(TASK DIRECTIONS) What is needed is an exact copy of every record below.

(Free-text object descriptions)
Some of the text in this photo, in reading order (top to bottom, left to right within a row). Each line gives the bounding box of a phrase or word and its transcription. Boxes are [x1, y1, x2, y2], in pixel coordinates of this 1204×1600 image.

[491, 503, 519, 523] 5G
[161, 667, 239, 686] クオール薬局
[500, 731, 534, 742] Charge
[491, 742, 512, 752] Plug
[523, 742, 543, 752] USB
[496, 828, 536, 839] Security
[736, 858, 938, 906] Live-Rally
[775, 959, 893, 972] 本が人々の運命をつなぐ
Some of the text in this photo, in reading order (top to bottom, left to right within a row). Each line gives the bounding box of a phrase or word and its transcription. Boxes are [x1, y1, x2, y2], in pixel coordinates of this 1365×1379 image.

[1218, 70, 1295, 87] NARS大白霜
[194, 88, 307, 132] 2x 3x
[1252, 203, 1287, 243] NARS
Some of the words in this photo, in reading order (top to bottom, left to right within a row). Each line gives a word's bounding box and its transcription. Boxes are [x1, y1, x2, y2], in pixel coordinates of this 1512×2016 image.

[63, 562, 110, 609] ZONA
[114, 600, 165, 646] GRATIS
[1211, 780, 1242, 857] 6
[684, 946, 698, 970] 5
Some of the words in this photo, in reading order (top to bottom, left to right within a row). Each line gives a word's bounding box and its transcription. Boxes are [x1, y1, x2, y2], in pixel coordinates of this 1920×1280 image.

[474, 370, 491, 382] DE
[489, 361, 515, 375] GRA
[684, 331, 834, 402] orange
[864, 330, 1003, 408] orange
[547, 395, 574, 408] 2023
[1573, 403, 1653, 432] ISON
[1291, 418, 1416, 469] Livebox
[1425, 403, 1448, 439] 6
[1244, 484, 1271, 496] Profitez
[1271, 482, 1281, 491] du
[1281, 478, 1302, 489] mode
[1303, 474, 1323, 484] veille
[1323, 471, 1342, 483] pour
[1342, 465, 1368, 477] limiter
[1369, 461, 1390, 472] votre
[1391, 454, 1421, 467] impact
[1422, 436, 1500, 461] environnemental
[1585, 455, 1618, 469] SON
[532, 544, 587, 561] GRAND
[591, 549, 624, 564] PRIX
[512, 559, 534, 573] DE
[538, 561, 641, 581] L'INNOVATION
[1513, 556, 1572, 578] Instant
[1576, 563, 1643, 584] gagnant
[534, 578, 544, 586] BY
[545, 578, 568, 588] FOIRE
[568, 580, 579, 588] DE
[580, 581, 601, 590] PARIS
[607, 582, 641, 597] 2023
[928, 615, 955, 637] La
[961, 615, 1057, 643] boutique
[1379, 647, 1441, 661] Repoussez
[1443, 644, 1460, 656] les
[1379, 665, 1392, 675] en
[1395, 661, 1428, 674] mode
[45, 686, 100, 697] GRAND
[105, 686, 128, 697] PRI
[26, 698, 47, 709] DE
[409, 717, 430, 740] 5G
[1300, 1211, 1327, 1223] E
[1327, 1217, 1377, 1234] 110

(RESULT FOR THIS EXERCISE)
Some of the text in this photo, in reading order (top to bottom, left to right within a row). Each line gives the bounding box of a phrase or word and its transcription. Boxes are [x1, y1, x2, y2], in pixel coordinates of this 1204×1600 image.

[491, 503, 519, 523] 5G
[161, 667, 239, 686] クオール薬局
[500, 731, 534, 742] Charge
[491, 742, 512, 752] Plug
[523, 742, 543, 752] USB
[496, 828, 536, 839] Security
[736, 858, 938, 906] Live-Rally
[775, 959, 893, 972] 本が人々の運命をつなぐ
Some of the text in this photo, in reading order (top to bottom, left to right within a row). Each line gives the bounding box of a phrase or word and its transcription. Boxes are [x1, y1, x2, y2], in pixel coordinates of this 1365×1379 image.

[1218, 70, 1295, 87] NARS大白霜
[194, 88, 307, 132] 2x 3x
[1252, 203, 1287, 243] NARS
Some of the words in this photo, in reading order (top to bottom, left to right within a row). Each line gives a word's bounding box and its transcription. Boxes are [x1, y1, x2, y2], in pixel coordinates of this 1512×2016 image.

[63, 562, 110, 609] ZONA
[114, 600, 165, 646] GRATIS
[1211, 780, 1242, 857] 6
[684, 946, 698, 970] 5
Some of the words in this photo, in reading order (top to bottom, left to right within a row). Each line gives a word's bounding box and its transcription. Boxes are [x1, y1, x2, y2], in pixel coordinates of this 1920×1280 image.

[474, 370, 491, 382] DE
[489, 361, 515, 375] GRA
[684, 331, 834, 402] orange
[864, 330, 1003, 408] orange
[547, 395, 574, 408] 2023
[1573, 403, 1653, 432] ISON
[1291, 418, 1416, 469] Livebox
[1425, 403, 1448, 439] 6
[1244, 484, 1271, 496] Profitez
[1271, 482, 1281, 491] du
[1281, 478, 1302, 489] mode
[1303, 474, 1323, 484] veille
[1323, 471, 1342, 483] pour
[1342, 465, 1368, 477] limiter
[1369, 461, 1390, 472] votre
[1391, 454, 1421, 467] impact
[1422, 436, 1500, 461] environnemental
[1585, 455, 1618, 469] SON
[532, 544, 587, 561] GRAND
[591, 549, 624, 564] PRIX
[512, 559, 534, 573] DE
[538, 561, 641, 581] L'INNOVATION
[1513, 556, 1572, 578] Instant
[1576, 563, 1643, 584] gagnant
[534, 578, 544, 586] BY
[545, 578, 568, 588] FOIRE
[568, 580, 579, 588] DE
[580, 581, 601, 590] PARIS
[607, 582, 641, 597] 2023
[928, 615, 955, 637] La
[961, 615, 1057, 643] boutique
[1379, 647, 1441, 661] Repoussez
[1443, 644, 1460, 656] les
[1379, 665, 1392, 675] en
[1395, 661, 1428, 674] mode
[45, 686, 100, 697] GRAND
[105, 686, 128, 697] PRI
[26, 698, 47, 709] DE
[409, 717, 430, 740] 5G
[1300, 1211, 1327, 1223] E
[1327, 1217, 1377, 1234] 110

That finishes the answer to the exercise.